All entries are to be quoted exactly; the images stay out of the copy.

◆ ◆ ◆ ◆ ◆

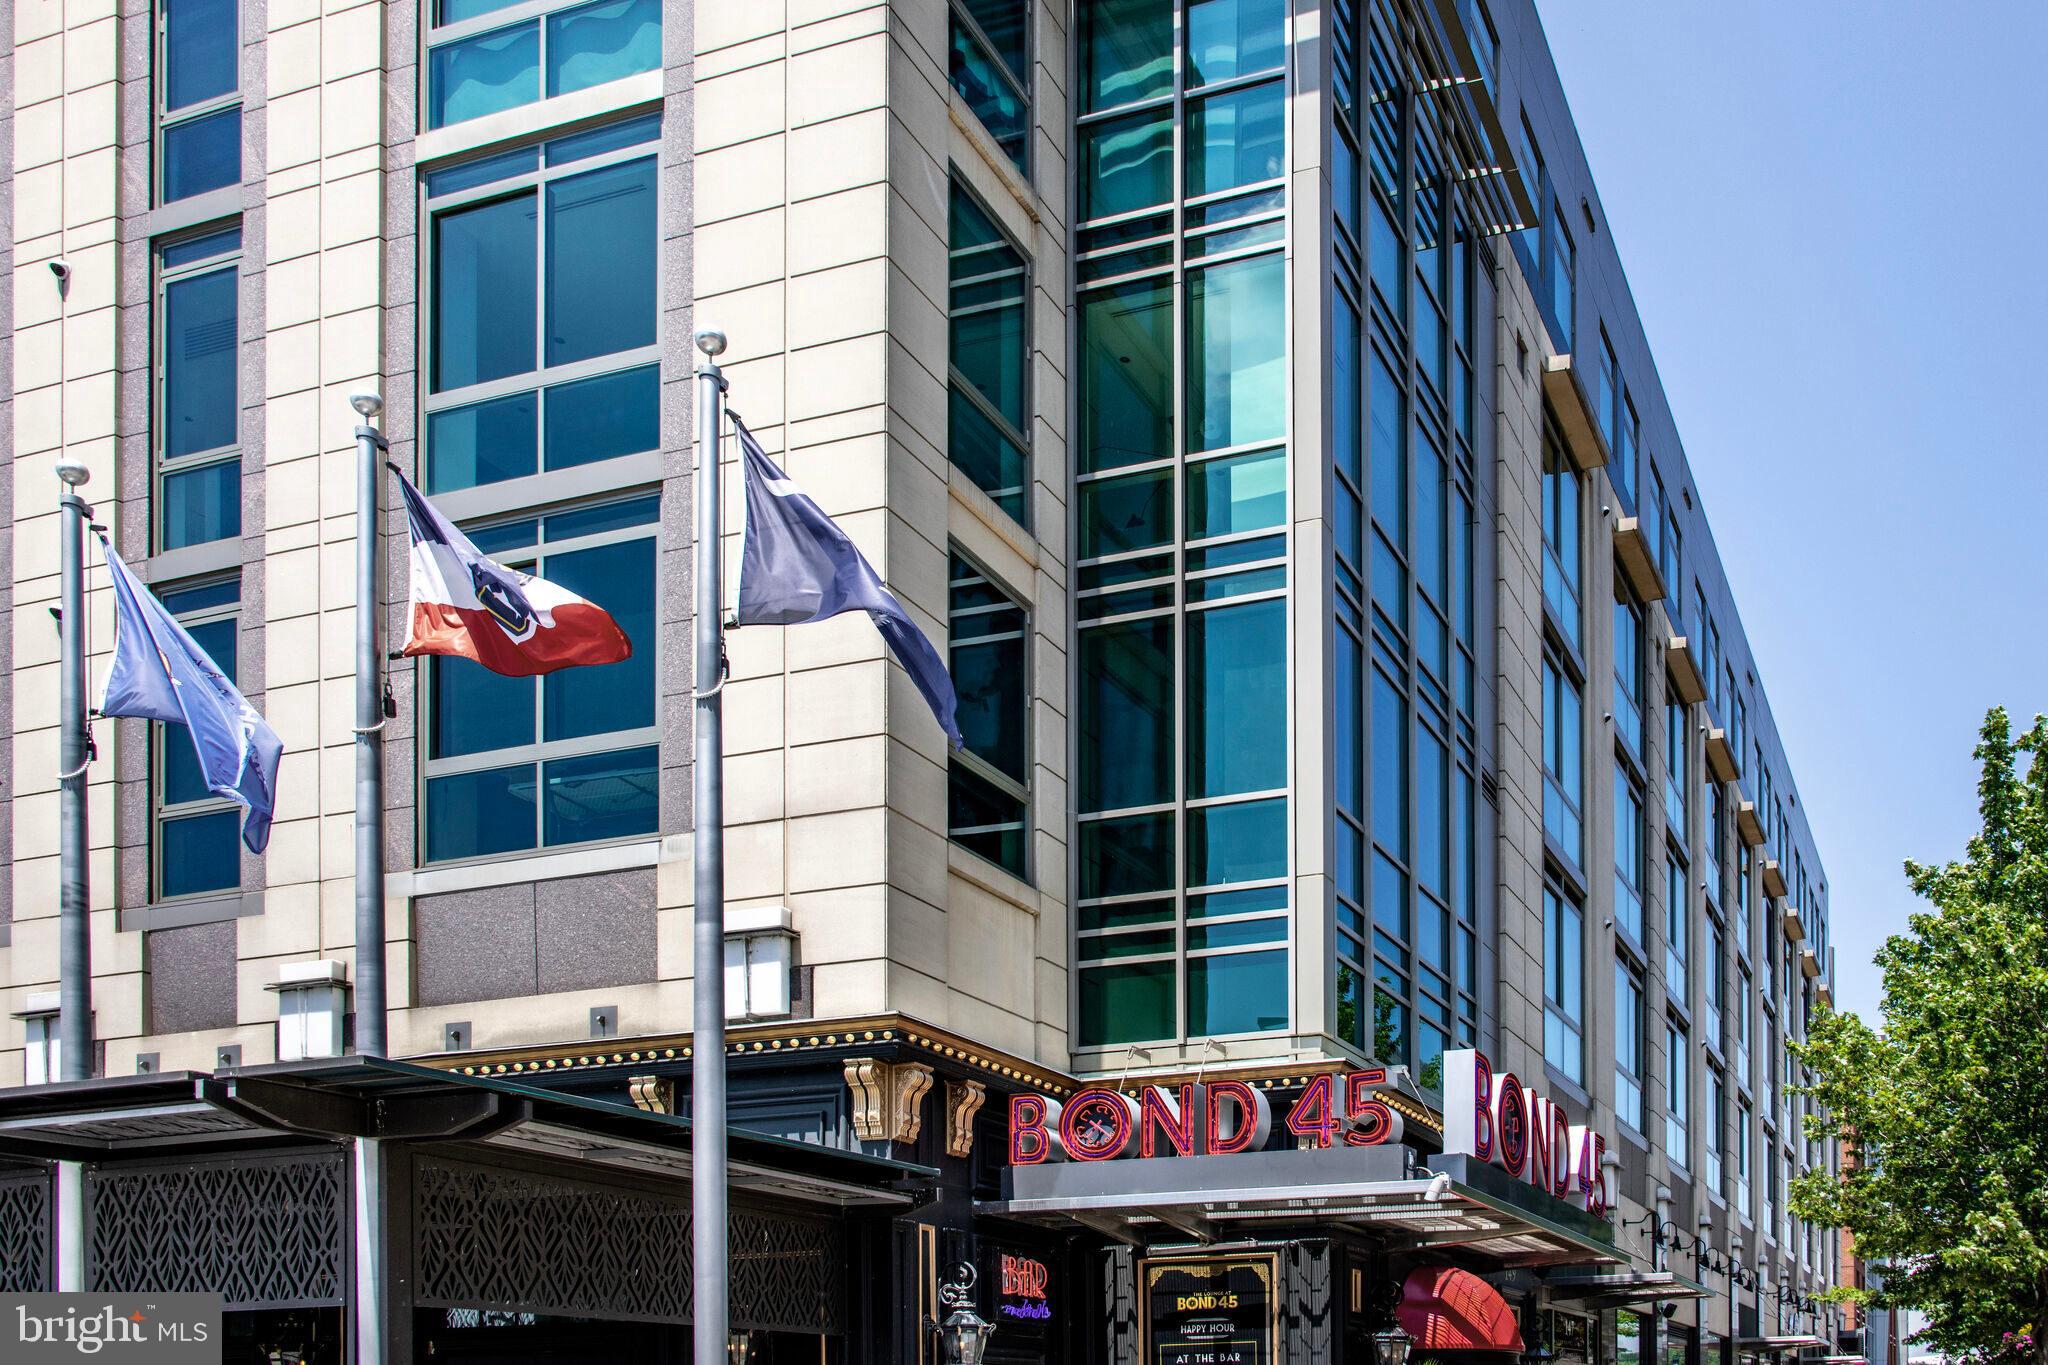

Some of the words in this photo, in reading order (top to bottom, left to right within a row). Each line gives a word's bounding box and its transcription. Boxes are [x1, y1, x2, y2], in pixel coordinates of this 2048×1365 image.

[1008, 1078, 1260, 1167] BOND
[1284, 1067, 1394, 1150] 45
[1475, 1049, 1570, 1201] BOND
[1578, 1127, 1607, 1220] 45
[1002, 1255, 1048, 1299] BAR
[1177, 1296, 1217, 1310] BOND
[1218, 1295, 1239, 1309] 45
[1180, 1324, 1207, 1334] HAPPY
[1209, 1323, 1235, 1333] HOUR
[1176, 1354, 1190, 1364] AT
[1194, 1353, 1215, 1363] THE
[1219, 1352, 1241, 1362] BAR

◆ ◆ ◆ ◆ ◆

Task response:
Some of the words in this photo, in reading order (top to bottom, left to right within a row). Each line gives a word's bounding box and its transcription. Boxes are [x1, y1, x2, y2], in pixel coordinates of this 2048×1365 image.

[1008, 1078, 1260, 1167] BOND
[1284, 1067, 1394, 1150] 45
[1475, 1049, 1570, 1201] BOND
[1578, 1127, 1607, 1220] 45
[1002, 1255, 1048, 1299] BAR
[1177, 1296, 1217, 1310] BOND
[1218, 1295, 1239, 1309] 45
[1180, 1324, 1207, 1334] HAPPY
[1209, 1323, 1235, 1333] HOUR
[1176, 1354, 1190, 1364] AT
[1194, 1353, 1215, 1363] THE
[1219, 1352, 1241, 1362] BAR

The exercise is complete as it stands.